Ouverture prochaine à Lausanne d’un Espace Maurice Zundel, du nom du théologien mystique que l’Église tint longtemps à l’écart.

«Si vif fut le feu de l’âme, chez l’abbé Zundel, qu’il effraya. À Genève, Lausanne et Fribourg, il fut jugé indésirable. Passe encore que l’on soit profond. Mais brûlant!» Dans ce portrait des «Princes des marges», Bertil Galland souligne ce que Maurice Zundel avait de «suspect» aux yeux des bien-pensants. Un mystique qui prône l’exemple par la pauvreté à la suite de saint François d’Assise, qui n’est pas nécessairement commode, qui se mure parfois dans le silence. Mais que Paul VI invite au Vatican pour prêcher la retraite du Carême!

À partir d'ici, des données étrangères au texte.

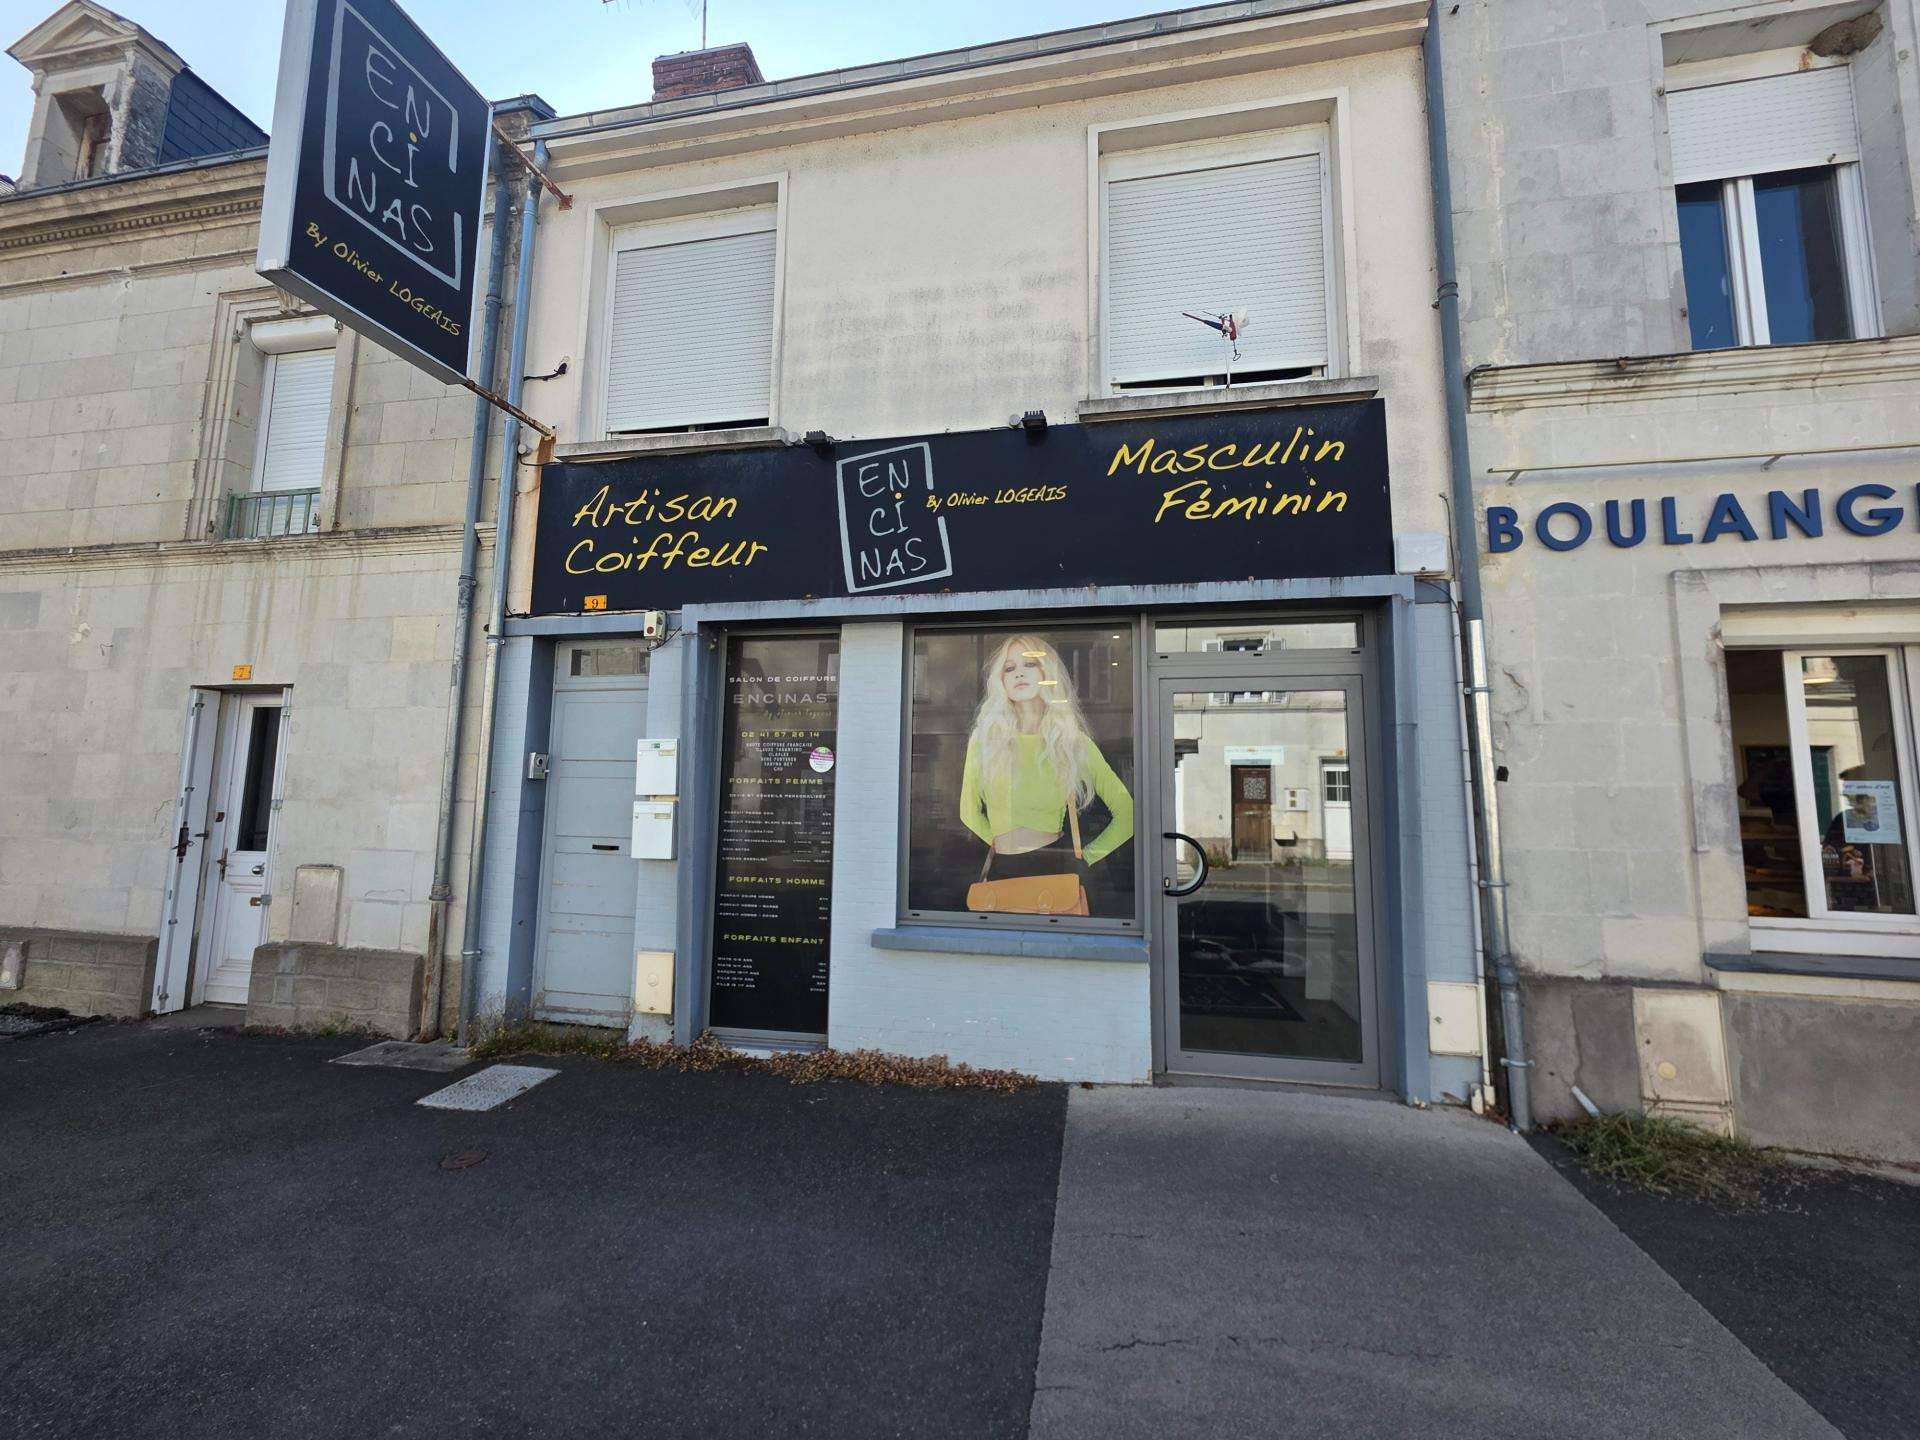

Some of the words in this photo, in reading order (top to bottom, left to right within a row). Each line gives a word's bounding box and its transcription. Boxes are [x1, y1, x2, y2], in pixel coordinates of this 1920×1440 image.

Exilé de 1925 à 1946 pour cause d’originalité à Rome, Paris, Londres et Le Caire, Maurice Zundel trouve une forme de réhabilitation publique dans l’ouverture prochaine, cet hiver, d’un Espace à son nom. Accolé à une église urbaine, boulevard de Grancy, à Lausanne, il sera tout à la fois lieu de passage, de méditation et centre de formation. De quoi faire oublier la petite chambre tristement perchée dans le clocher de l’église de Bex où il dût s’installer temporairement en 1939. La roue tourne. Une demande de béatification vient d’être initiée sous l’égide de la fondation éponyme que préside l’abbé Marc Donzé, auteur de la thèse qui mit en lumière, en 1979 déjà, l’intensité de cette pensée théologique.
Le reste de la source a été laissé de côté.